Unveiling the potential of RADA16-I peptide-coated silver nanoparticles for biomedical uses: a computational study.

Nanomaterials, specifically silver nanoparticles (AgNPs), have demonstrated great potential in biomedical applications due to their unique properties, such as antimicrobial activity and conductivity. One promising strategy to improve their biocompatibility and functional specificity is through the functionalization of AgNPs with peptides. By attaching peptides to the surface of AgNPs, their interaction with biological systems can be enhanced and tailored for specific applications. This computational study uses classical molecular dynamics and enhancement sampling techniques to investigate the interaction between AgNPs and RADA16-I peptides, as well as their derivative CLKRADA16-I. It utilizes classical molecular dynamics and enhanced sampling methods to gain insights into the structural information and details of their interaction. Furthermore, this study addresses the need for a better understanding of the interaction between composite materials made of nanoparticles and peptides.

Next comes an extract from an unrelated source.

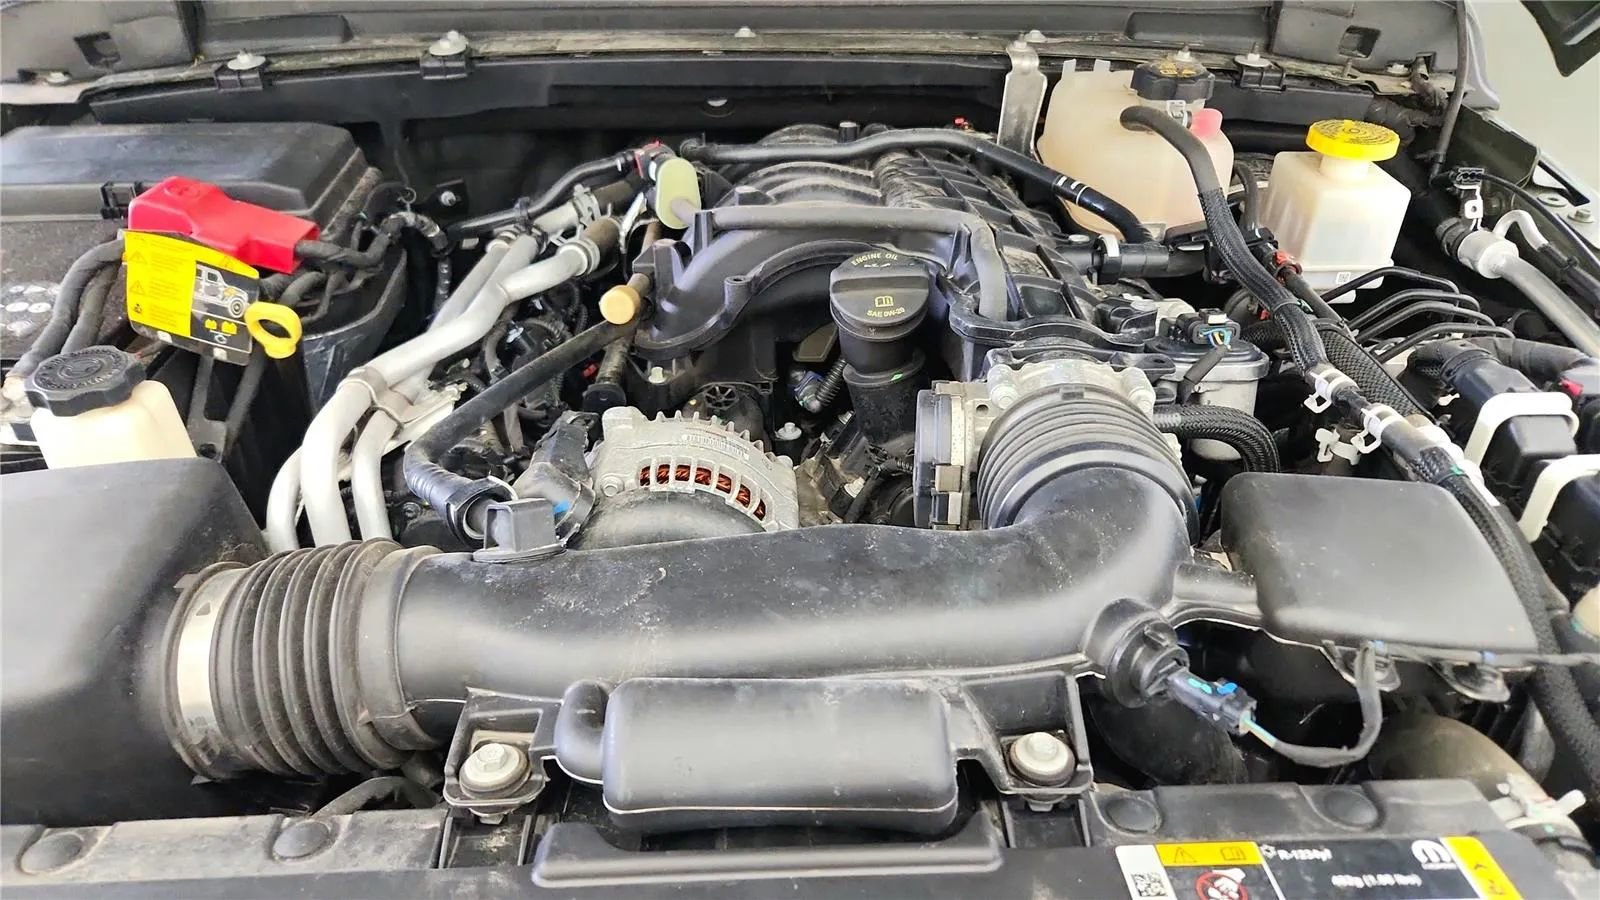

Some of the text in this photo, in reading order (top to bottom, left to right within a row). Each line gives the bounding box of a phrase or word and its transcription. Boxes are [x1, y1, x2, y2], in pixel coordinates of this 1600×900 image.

Our results demonstrate that the incorporation of the CLK motif significantly augments both structural stability and the binding affinity of peptides to silver nanoparticles. Through computational simulations, we observed that peptides modified with the CLK motif (CLKRADA16-I) exhibit a higher binding affinity toward a silver surface model, with the adsorption energy increasing by up to 4.2 kcal mol relative to unmodified peptides. This calculated interaction energy boosts adsorption and surface coverage, facilitating a packed and more effective peptide coating on the silver nanoparticles. These findings pave the way for the advancement of AgNPs as versatile agents in nanomedicine, particularly necessitating precise molecular recognition and robust bioactive scaffolding. Our study enhances the understanding of nanoparticle-peptide conjugates and their implications for designing next-generation nanomaterials.